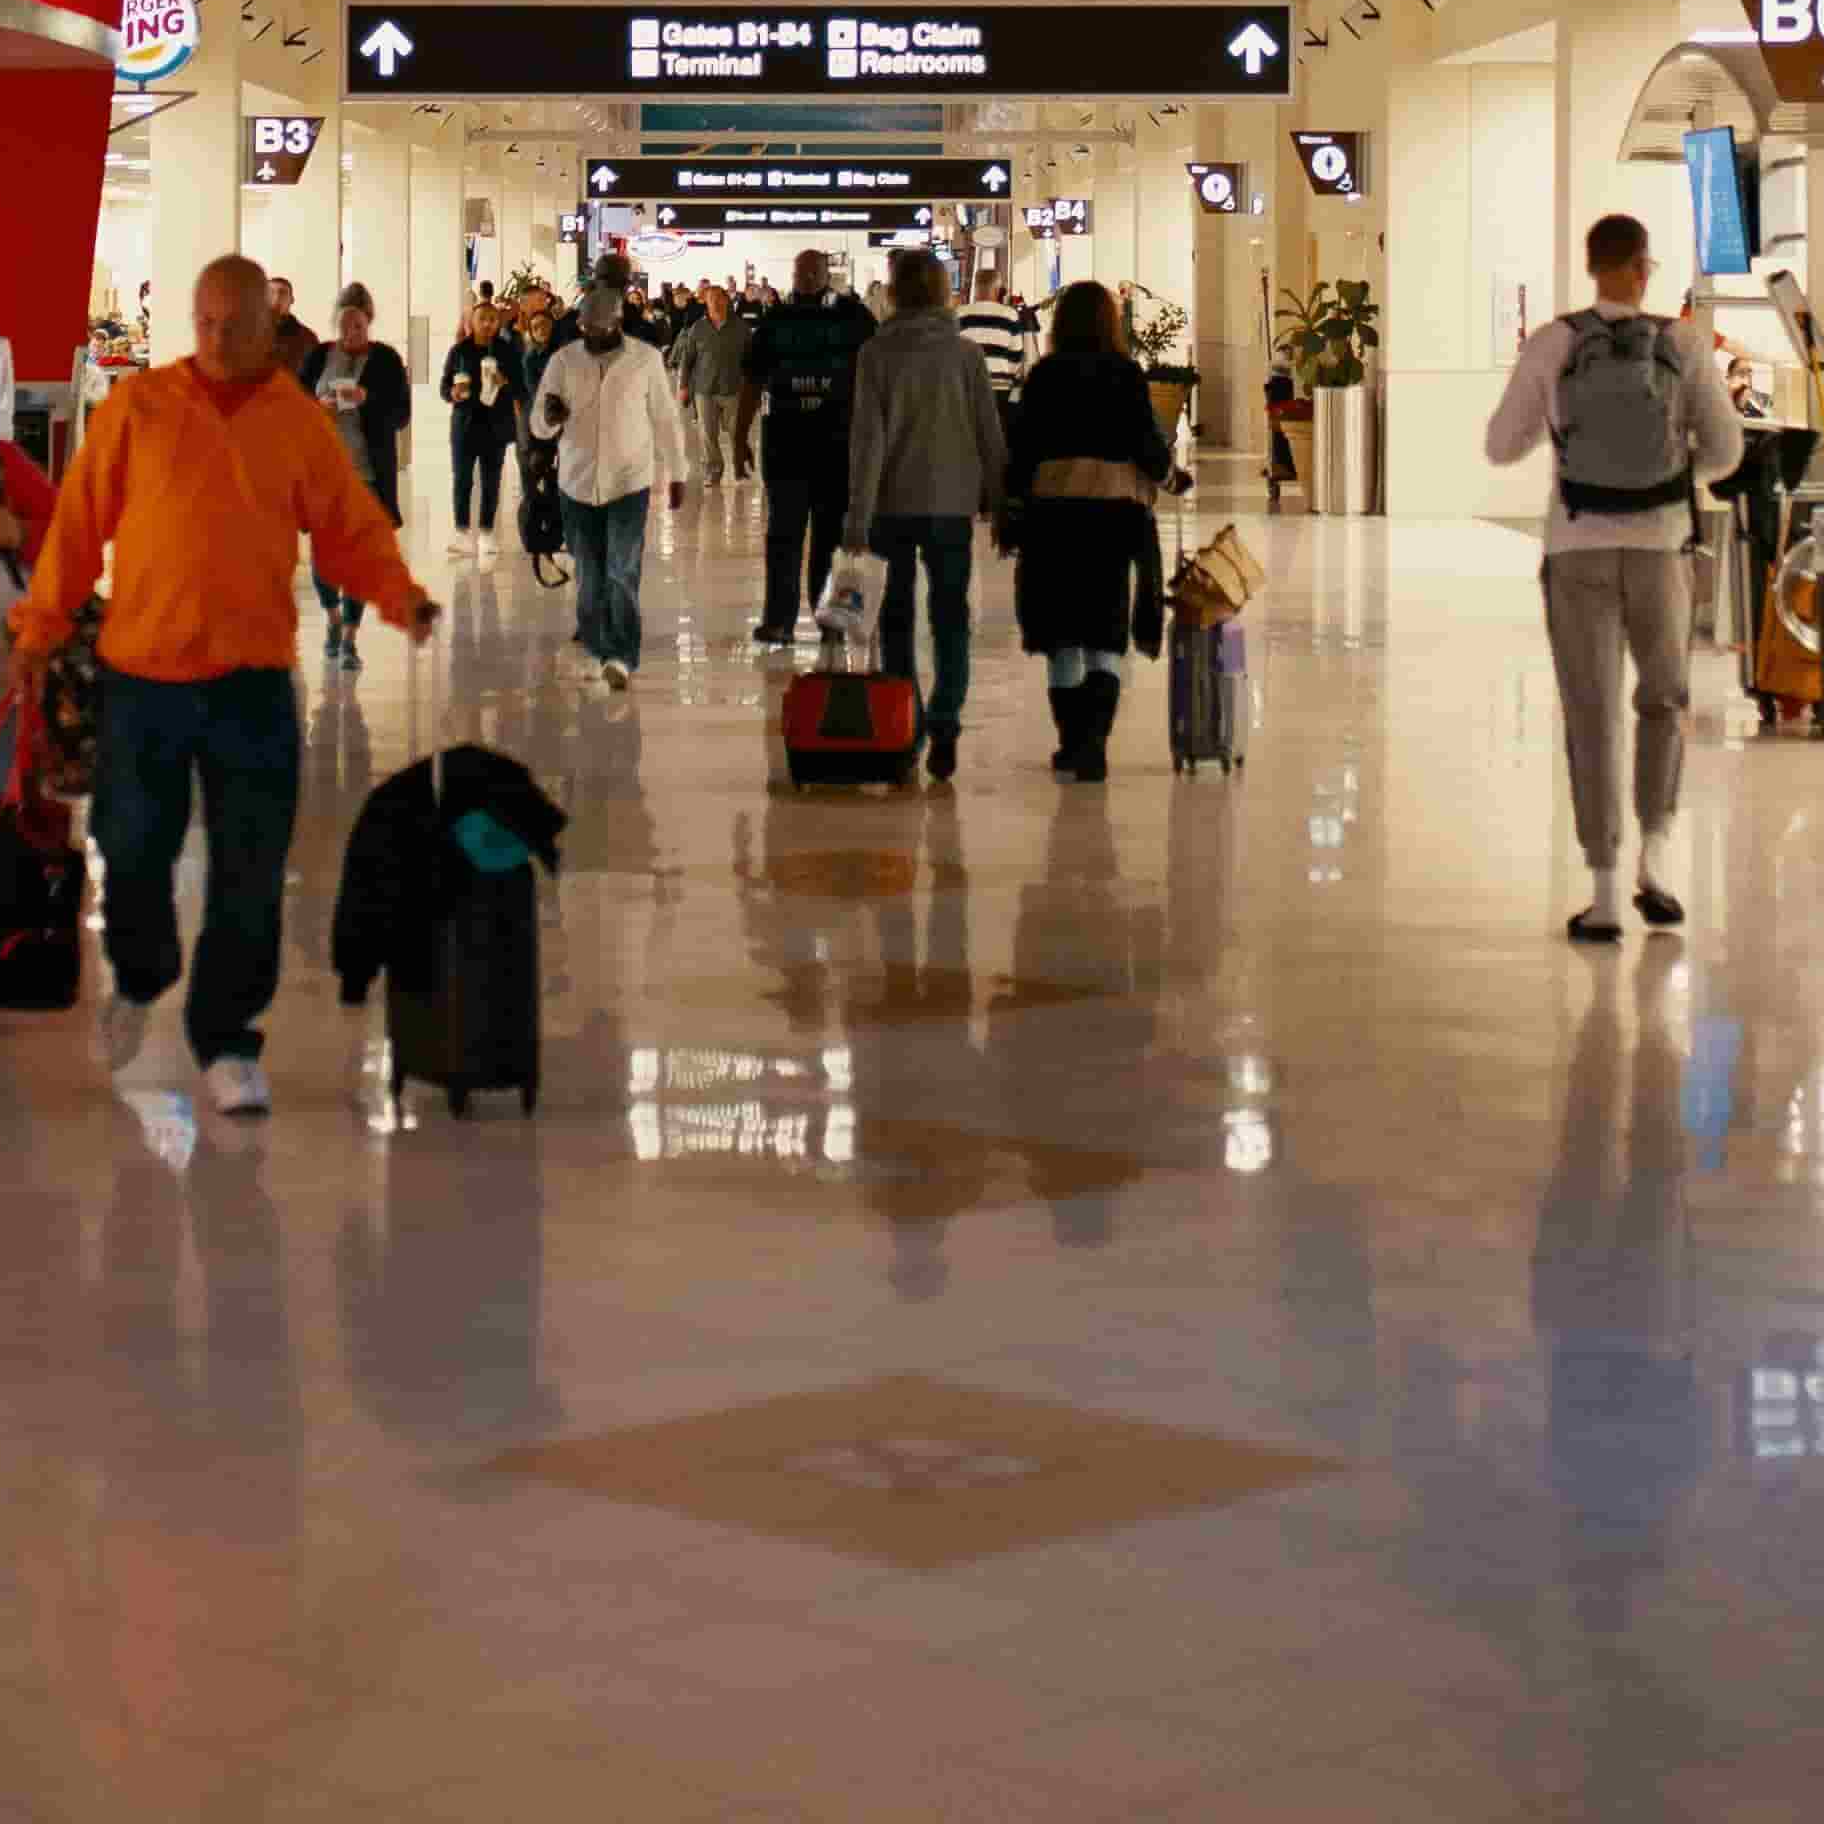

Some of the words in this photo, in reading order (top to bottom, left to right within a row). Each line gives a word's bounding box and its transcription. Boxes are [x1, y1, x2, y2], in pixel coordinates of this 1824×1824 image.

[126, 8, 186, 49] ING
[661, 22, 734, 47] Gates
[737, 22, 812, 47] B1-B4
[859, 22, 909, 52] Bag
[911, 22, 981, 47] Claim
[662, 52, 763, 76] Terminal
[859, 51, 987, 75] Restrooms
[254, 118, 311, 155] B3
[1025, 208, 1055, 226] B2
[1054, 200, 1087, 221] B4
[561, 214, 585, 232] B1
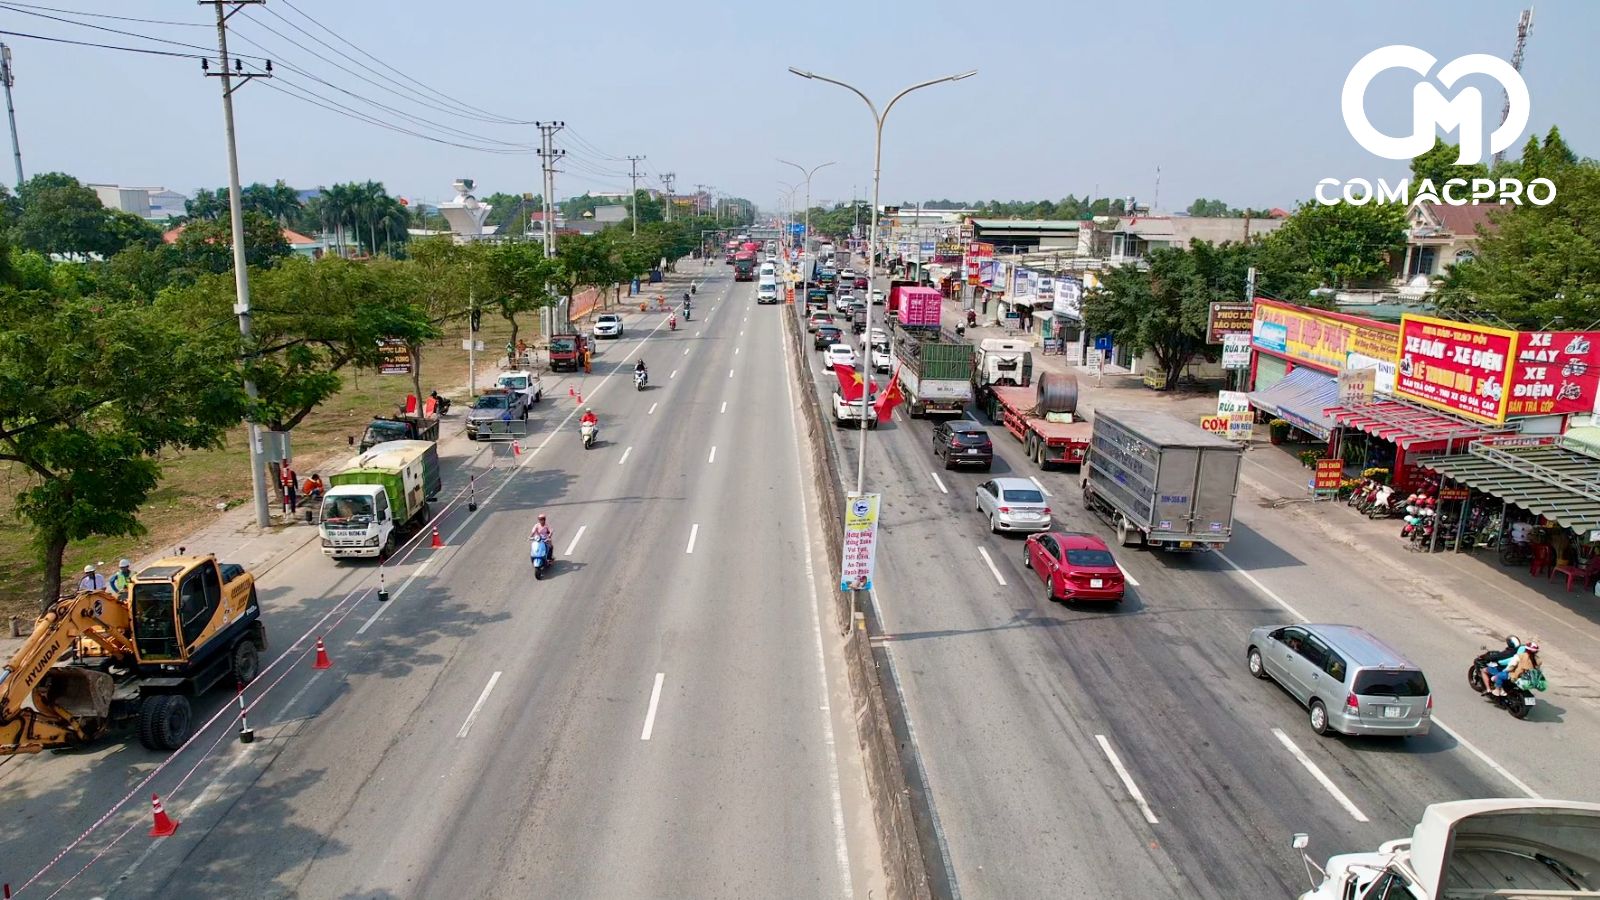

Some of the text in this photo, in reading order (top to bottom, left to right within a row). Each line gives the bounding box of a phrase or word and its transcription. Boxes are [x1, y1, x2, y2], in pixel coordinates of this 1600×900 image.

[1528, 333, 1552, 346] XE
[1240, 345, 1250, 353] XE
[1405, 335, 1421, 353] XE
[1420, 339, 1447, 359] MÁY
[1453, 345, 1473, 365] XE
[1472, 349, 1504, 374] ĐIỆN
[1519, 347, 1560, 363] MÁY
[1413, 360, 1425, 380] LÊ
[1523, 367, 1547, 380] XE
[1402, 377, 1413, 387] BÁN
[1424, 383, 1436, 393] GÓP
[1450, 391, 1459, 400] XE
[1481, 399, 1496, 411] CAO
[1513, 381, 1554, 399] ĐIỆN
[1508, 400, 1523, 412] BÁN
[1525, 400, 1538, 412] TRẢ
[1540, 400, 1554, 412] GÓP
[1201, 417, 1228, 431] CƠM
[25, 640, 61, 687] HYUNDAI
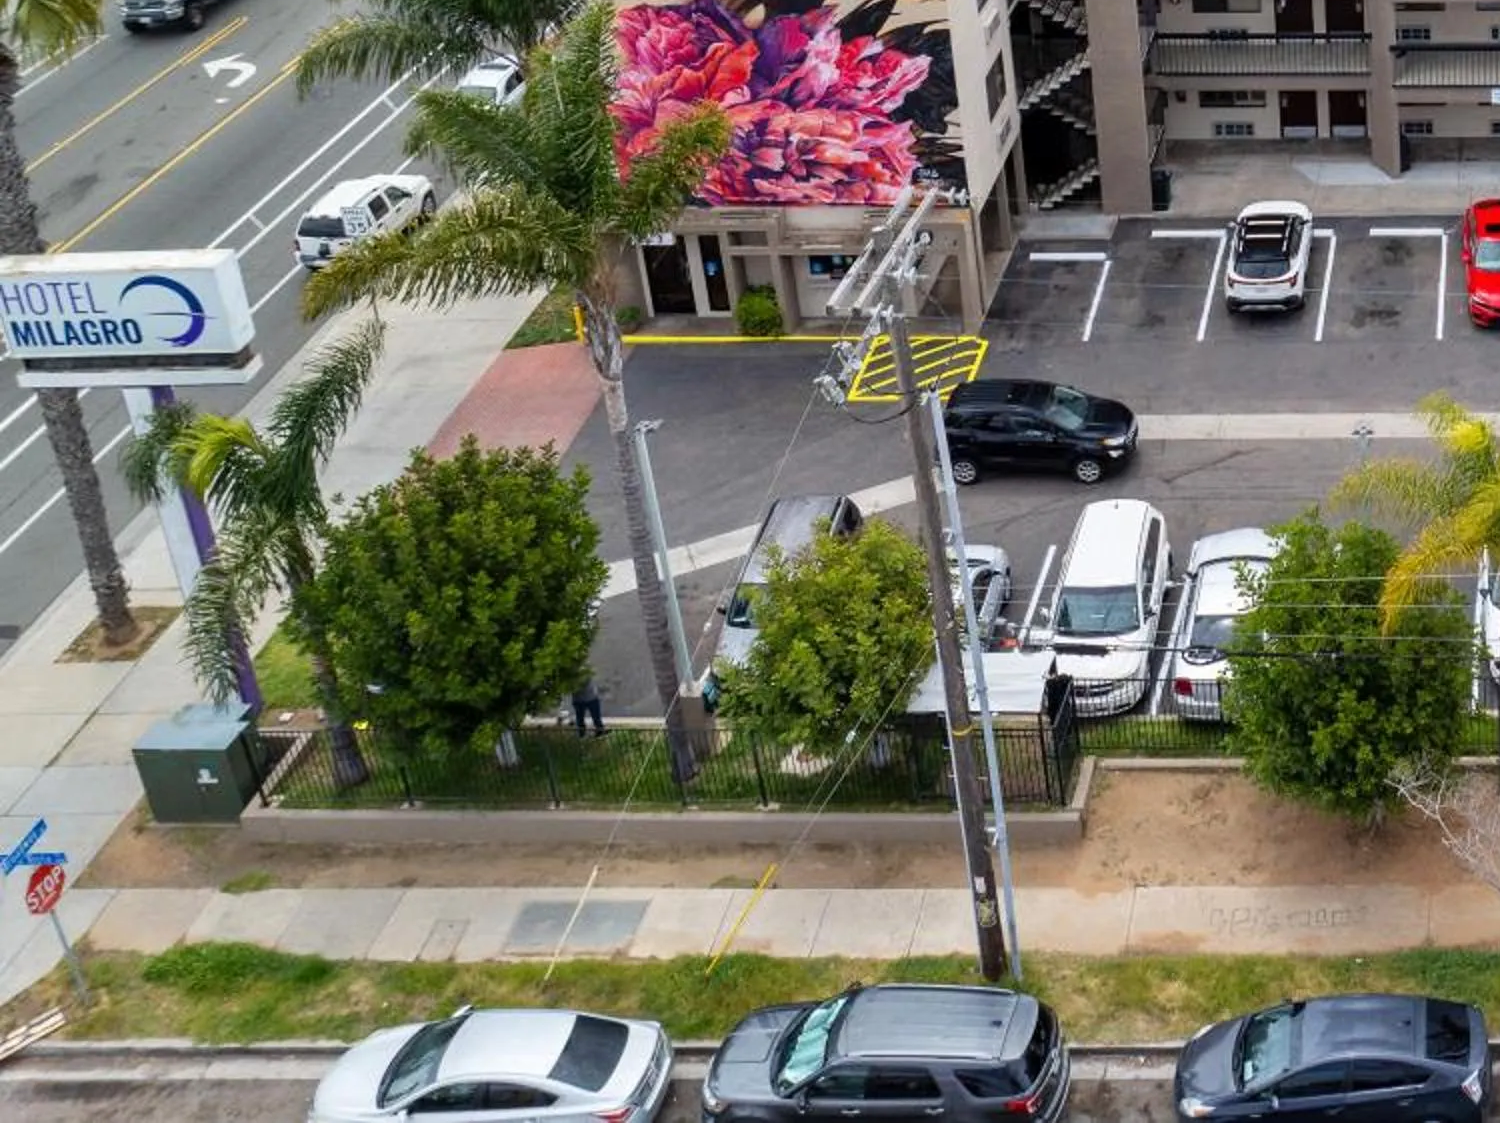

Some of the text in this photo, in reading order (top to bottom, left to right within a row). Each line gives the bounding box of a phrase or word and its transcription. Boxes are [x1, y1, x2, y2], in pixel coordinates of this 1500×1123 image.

• Work instruction: Pictures are to be left out, while the records are copied word for word.

• Task result:
Some of the words in this photo, in reading order (top to bottom, left to right within a row). Each line gives a word's bounding box and its transcription. Boxes are [x1, y1, x2, y2], in pixel coordinates of this 1824×1824 image.

[126, 8, 186, 49] ING
[661, 22, 734, 47] Gates
[737, 22, 812, 47] B1-B4
[859, 22, 909, 52] Bag
[911, 22, 981, 47] Claim
[662, 52, 763, 76] Terminal
[859, 51, 987, 75] Restrooms
[254, 118, 311, 155] B3
[1025, 208, 1055, 226] B2
[1054, 200, 1087, 221] B4
[561, 214, 585, 232] B1

Some of the text in this photo, in reading order (top to bottom, left to right within a row). Each line gives the bounding box of a phrase or word and its transcription. Boxes are [x1, y1, x2, y2], in pixel coordinates of this 1600×900 image.

[1528, 333, 1552, 346] XE
[1240, 345, 1250, 353] XE
[1405, 335, 1421, 353] XE
[1420, 339, 1447, 359] MÁY
[1453, 345, 1473, 365] XE
[1472, 349, 1504, 374] ĐIỆN
[1519, 347, 1560, 363] MÁY
[1413, 360, 1425, 380] LÊ
[1523, 367, 1547, 380] XE
[1402, 377, 1413, 387] BÁN
[1424, 383, 1436, 393] GÓP
[1450, 391, 1459, 400] XE
[1481, 399, 1496, 411] CAO
[1513, 381, 1554, 399] ĐIỆN
[1508, 400, 1523, 412] BÁN
[1525, 400, 1538, 412] TRẢ
[1540, 400, 1554, 412] GÓP
[1201, 417, 1228, 431] CƠM
[25, 640, 61, 687] HYUNDAI

Some of the text in this photo, in reading order (top to bottom, left to right within a row). Each line gives the bounding box of a phrase or word and its transcription. Boxes are [x1, y1, x2, y2], in pixel coordinates of this 1500×1123 image.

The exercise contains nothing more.